Hello Zues,

I am glad I checked the forums today.

I have only recently been introduced to CL. And I absolutely love her. If you remember my early writings, I have always been in agreement with her, no tolerance for cheaters philosophy. I am not sure if I would have healed faster had I been on her site as opposed to here. I do think the DB forum is more interactive and allows for more self reflection and journaling. I do not think the DB forums really acknowledged cheating and lying and betraying and leaving as a form of abuse a few years ago though. As a boundary. As a condition. And i think that was unhealthy.

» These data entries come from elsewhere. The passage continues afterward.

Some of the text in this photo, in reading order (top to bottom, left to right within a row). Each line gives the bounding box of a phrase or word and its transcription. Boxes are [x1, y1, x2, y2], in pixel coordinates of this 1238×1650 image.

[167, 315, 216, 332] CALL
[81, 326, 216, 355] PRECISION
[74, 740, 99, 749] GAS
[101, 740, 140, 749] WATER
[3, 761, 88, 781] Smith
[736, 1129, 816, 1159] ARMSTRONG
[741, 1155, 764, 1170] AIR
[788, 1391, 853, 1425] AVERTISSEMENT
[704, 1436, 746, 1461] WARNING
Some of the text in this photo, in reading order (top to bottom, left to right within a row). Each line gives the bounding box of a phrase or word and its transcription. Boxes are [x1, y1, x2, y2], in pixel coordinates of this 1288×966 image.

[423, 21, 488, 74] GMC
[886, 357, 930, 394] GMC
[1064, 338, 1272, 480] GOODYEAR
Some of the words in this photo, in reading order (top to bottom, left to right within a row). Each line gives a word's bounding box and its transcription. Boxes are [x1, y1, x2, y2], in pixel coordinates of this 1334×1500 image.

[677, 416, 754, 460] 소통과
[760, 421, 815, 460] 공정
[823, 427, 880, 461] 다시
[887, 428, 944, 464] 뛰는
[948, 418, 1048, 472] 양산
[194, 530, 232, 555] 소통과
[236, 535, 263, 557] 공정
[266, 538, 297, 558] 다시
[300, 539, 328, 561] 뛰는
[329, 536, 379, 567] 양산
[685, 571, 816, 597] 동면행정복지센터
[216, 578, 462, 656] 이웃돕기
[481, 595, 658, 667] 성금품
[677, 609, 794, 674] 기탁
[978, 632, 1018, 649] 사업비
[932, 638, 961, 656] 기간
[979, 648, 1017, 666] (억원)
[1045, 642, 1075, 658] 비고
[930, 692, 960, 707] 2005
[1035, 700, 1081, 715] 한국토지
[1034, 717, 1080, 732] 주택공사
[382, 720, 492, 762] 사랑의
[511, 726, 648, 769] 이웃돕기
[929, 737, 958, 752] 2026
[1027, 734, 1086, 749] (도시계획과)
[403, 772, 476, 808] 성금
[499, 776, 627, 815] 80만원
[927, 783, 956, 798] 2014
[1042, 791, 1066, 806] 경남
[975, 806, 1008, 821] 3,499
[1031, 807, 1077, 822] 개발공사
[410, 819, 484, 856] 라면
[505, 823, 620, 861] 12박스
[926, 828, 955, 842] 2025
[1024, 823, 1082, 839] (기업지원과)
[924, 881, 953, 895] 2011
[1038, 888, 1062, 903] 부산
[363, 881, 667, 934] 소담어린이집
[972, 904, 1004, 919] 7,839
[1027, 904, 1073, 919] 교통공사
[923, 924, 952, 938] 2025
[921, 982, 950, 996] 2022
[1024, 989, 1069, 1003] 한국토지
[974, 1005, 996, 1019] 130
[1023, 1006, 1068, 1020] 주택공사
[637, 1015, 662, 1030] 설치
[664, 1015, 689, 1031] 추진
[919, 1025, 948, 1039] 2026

In my situation, I never had that black and white, Yes he's cheating. He violated a boundary. Now make a choice. Everything was secret and I had a lot of self blame. I never really had a choice to make a stand against cheating. I feel cheated out of that closure, out of the power to make a decision. My ex did not even respect me enough to be honest even after our marriage was over. I will certainly reread and post on your friends thread. He seems to have all the intel which gives him power to choose . Once you have that intel, i think its more black and white and logical.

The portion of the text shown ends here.